# [What is needed]
Every entry needs to be repeated exactly, with nothing left out.

Stored items
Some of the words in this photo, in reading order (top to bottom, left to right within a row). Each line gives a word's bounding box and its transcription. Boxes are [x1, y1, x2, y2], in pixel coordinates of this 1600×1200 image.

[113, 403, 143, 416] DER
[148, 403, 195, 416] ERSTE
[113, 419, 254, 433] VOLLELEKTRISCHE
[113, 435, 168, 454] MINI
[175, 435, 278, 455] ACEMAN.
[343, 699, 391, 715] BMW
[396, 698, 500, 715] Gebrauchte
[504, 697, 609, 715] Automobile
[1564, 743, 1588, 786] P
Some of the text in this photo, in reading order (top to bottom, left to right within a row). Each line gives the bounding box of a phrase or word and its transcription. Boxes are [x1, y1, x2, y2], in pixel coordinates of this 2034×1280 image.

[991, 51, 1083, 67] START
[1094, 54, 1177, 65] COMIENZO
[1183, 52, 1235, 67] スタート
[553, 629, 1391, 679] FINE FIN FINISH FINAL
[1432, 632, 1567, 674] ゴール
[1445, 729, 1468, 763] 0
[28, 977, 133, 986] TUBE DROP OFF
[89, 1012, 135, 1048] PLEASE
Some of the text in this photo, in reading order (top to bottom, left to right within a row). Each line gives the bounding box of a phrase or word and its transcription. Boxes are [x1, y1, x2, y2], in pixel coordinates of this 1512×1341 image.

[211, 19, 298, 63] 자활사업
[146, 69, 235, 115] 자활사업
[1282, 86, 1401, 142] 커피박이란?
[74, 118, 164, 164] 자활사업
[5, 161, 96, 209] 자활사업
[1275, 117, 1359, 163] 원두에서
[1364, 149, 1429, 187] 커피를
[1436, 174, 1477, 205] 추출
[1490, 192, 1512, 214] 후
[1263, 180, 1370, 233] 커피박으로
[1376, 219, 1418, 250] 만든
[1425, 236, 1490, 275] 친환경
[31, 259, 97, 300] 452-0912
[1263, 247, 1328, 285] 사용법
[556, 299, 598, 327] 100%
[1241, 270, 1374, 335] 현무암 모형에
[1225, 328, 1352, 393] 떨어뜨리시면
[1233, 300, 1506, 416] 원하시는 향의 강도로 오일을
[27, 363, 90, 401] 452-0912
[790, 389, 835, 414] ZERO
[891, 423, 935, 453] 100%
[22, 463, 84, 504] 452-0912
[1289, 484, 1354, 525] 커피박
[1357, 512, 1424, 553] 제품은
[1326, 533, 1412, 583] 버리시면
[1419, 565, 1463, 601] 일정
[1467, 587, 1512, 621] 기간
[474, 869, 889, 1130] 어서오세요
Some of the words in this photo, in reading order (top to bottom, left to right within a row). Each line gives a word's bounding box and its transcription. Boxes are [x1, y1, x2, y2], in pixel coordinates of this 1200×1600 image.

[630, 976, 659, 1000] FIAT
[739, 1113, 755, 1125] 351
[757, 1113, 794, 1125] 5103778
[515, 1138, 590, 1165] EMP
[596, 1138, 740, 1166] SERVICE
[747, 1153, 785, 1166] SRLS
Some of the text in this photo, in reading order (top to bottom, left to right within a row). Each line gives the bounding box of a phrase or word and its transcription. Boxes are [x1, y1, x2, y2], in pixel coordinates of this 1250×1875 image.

# [Written answer]
Some of the words in this photo, in reading order (top to bottom, left to right within a row). Each line gives a word's bounding box and its transcription. Boxes are [x1, y1, x2, y2], in pixel coordinates of this 1600×1200 image.

[113, 403, 143, 416] DER
[148, 403, 195, 416] ERSTE
[113, 419, 254, 433] VOLLELEKTRISCHE
[113, 435, 168, 454] MINI
[175, 435, 278, 455] ACEMAN.
[343, 699, 391, 715] BMW
[396, 698, 500, 715] Gebrauchte
[504, 697, 609, 715] Automobile
[1564, 743, 1588, 786] P
Some of the text in this photo, in reading order (top to bottom, left to right within a row). Each line gives the bounding box of a phrase or word and its transcription. Boxes are [x1, y1, x2, y2], in pixel coordinates of this 2034×1280 image.

[991, 51, 1083, 67] START
[1094, 54, 1177, 65] COMIENZO
[1183, 52, 1235, 67] スタート
[553, 629, 1391, 679] FINE FIN FINISH FINAL
[1432, 632, 1567, 674] ゴール
[1445, 729, 1468, 763] 0
[28, 977, 133, 986] TUBE DROP OFF
[89, 1012, 135, 1048] PLEASE
Some of the text in this photo, in reading order (top to bottom, left to right within a row). Each line gives the bounding box of a phrase or word and its transcription. Boxes are [x1, y1, x2, y2], in pixel coordinates of this 1512×1341 image.

[211, 19, 298, 63] 자활사업
[146, 69, 235, 115] 자활사업
[1282, 86, 1401, 142] 커피박이란?
[74, 118, 164, 164] 자활사업
[5, 161, 96, 209] 자활사업
[1275, 117, 1359, 163] 원두에서
[1364, 149, 1429, 187] 커피를
[1436, 174, 1477, 205] 추출
[1490, 192, 1512, 214] 후
[1263, 180, 1370, 233] 커피박으로
[1376, 219, 1418, 250] 만든
[1425, 236, 1490, 275] 친환경
[31, 259, 97, 300] 452-0912
[1263, 247, 1328, 285] 사용법
[556, 299, 598, 327] 100%
[1241, 270, 1374, 335] 현무암 모형에
[1225, 328, 1352, 393] 떨어뜨리시면
[1233, 300, 1506, 416] 원하시는 향의 강도로 오일을
[27, 363, 90, 401] 452-0912
[790, 389, 835, 414] ZERO
[891, 423, 935, 453] 100%
[22, 463, 84, 504] 452-0912
[1289, 484, 1354, 525] 커피박
[1357, 512, 1424, 553] 제품은
[1326, 533, 1412, 583] 버리시면
[1419, 565, 1463, 601] 일정
[1467, 587, 1512, 621] 기간
[474, 869, 889, 1130] 어서오세요
Some of the words in this photo, in reading order (top to bottom, left to right within a row). Each line gives a word's bounding box and its transcription. Boxes are [x1, y1, x2, y2], in pixel coordinates of this 1200×1600 image.

[630, 976, 659, 1000] FIAT
[739, 1113, 755, 1125] 351
[757, 1113, 794, 1125] 5103778
[515, 1138, 590, 1165] EMP
[596, 1138, 740, 1166] SERVICE
[747, 1153, 785, 1166] SRLS
Some of the text in this photo, in reading order (top to bottom, left to right within a row). Each line gives the bounding box of a phrase or word and its transcription. Boxes are [x1, y1, x2, y2], in pixel coordinates of this 1250×1875 image.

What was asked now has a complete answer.